Once again we use the HTTP approach since we are not using WebSockets.
I considered using the WebRTC data channel, but it seemed better to use the HTTP approach since it allows us to get the map data in a synchronous way using async/await. With WebRTC, we’d have to let the server push the updates which may not be in sync with the ontrack
events. Remember we need to wait until the mid
has been negotiated.
We will add the following endpoint: /connections/{connection-id}/streams
.
// packages/server/src/httpServer/httpServer.ts
// Endpoint for retrieving a map of audio/video streams by client connection ID
//
// This map is necessary since the server is forwarding audio/video from connected clients to the local
// client. This means that we need a way to distinguish which audio/video streams belong to which client.
//
// This can be done using the track's mid which we can map to the channel's ID
const streamsPath = new RegExp(`${prefix}\/${version}\/connections\/[0-9a-zA-Z]+\/streams`).test(pathname)
This endpoint will return a map of mids to client connection IDs for both audio/video streams.
{
"audio": {
"1": "1",
"3": "3"
},
"video": {
"4": "1",
"6": "3"
}
}
Code implementation:
} else if (method === 'POST' && streamsPath) {
const ids = pathname.match(/[0-9a-zA-Z]{24}/g)
if (ids && ids.length === 1) {
const id = ids[0]
const myConnection = connectionsManager.getConnection(id)
if (!myConnection) {
end(res, 404)
return
}
try {
const videoMap = new Map()
const audioMap = new Map()
myConnection.videoMap.forEach((transceiver, channelId) => {
videoMap.set(transceiver.mid, channelId)
})
myConnection.audioMap.forEach((transceiver, channelId) => {
audioMap.set(transceiver.mid, channelId)
})
res.write(JSON.stringify({
audio: Object.fromEntries(audioMap),
video: Object.fromEntries(videoMap),
}))
res.end()
} catch (error) {
console.error(error.message)
end(res, 400)
return
}
}
}
Geckos.io client changes
The changes in the previous sections were changes to the geckos.io server code. We also need to make a few changes to the geckos.io client as well.

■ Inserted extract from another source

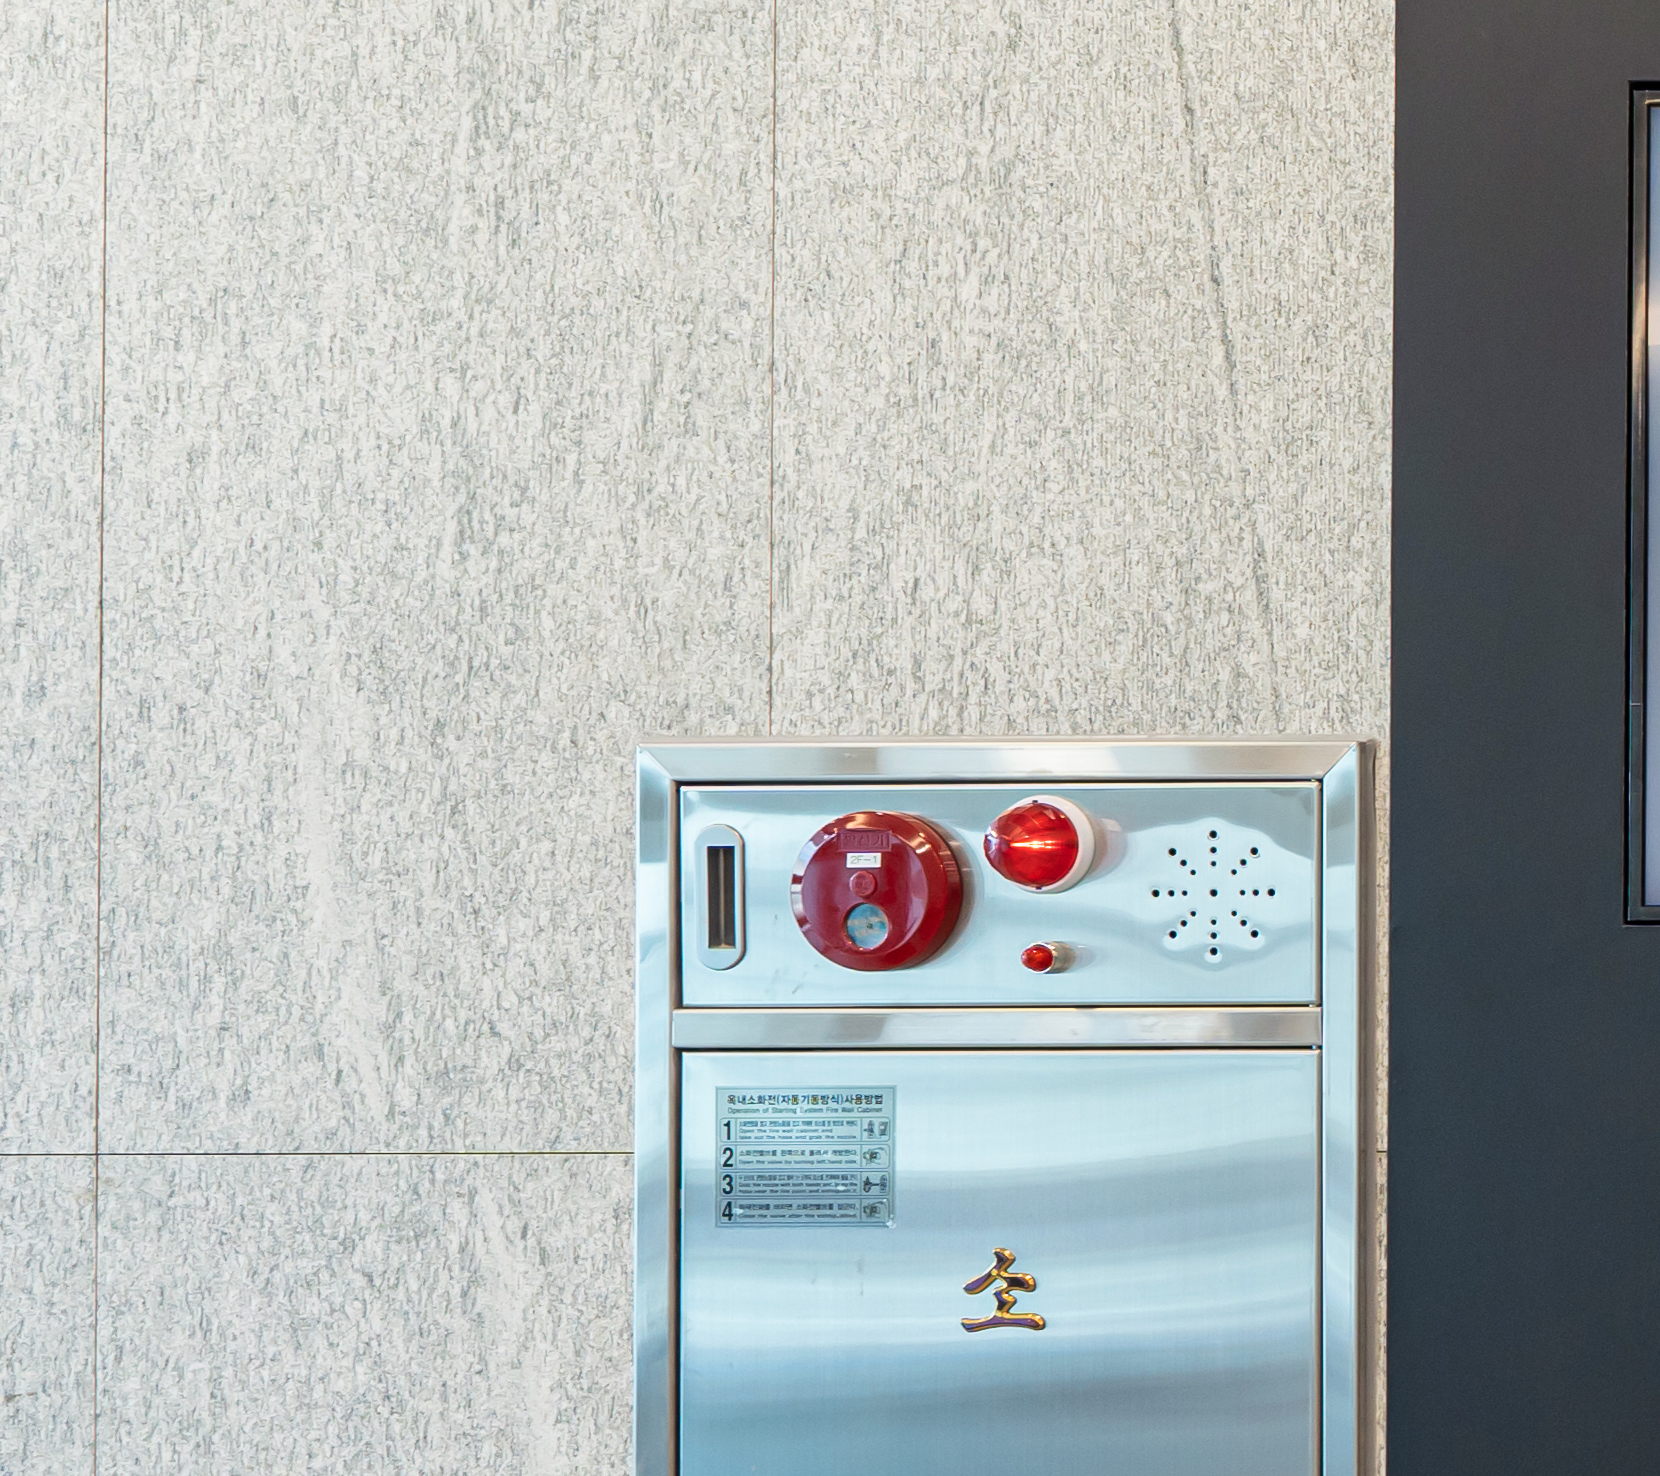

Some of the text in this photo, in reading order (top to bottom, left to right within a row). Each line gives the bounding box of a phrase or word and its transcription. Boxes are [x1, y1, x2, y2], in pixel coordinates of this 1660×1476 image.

In the connect method the client needs to send our audio/video tracks to the WebRTC server.
// packages/client/src/wrtc/connectionsManager.ts
// Only add audio/video tracks if stream has been provided
if (this.stream) {
this.stream.getTracks().forEach(track => (
this.localPeerConnection.addTrack(track, this.stream as MediaStream)))
}
We also need to listen to the ontrack
event:
// packages/client/src/wrtc/connectionsManager.ts
this.localPeerConnection.addEventListener('track', this.onTrack)
Our callback will forward to other listeners using the event emitter bridge. This makes it so we do not have to pass in a custom callback to the connection manager.
// packages/client/src/wrtc/connectionsManager.ts
onTrack = (ev: RTCTrackEvent) => {
// Forward ontrack event to listeners as AddTrack event
this.bridge.emit(EVENTS.ADD_TRACK, ev)
}
Phaser 3 integration
Integrating video with phaser 3 is relatively straightforward. The following steps are needed:
- Optimize video streams
- Render video sprites
- Match video streams to player entities
Optimize video streams
One limitation of the MediaStream from getUserMedia is that you cannot alter the resolution of the video.
This is problematic for two reasons:
- The video avatars need to be a specific size (tentatively 140px by 190px)
- The video avatars will be a lower resolution so it makes no sense to stream in 720p for example
The workaround is to crop and resize the MediaStream using a canvas. This is a trick I learned many years ago (I think 2014).
We can then pass this modified stream into geckos.io to use as our MediaStream which will use less bandwidth and also be the correct dimensions.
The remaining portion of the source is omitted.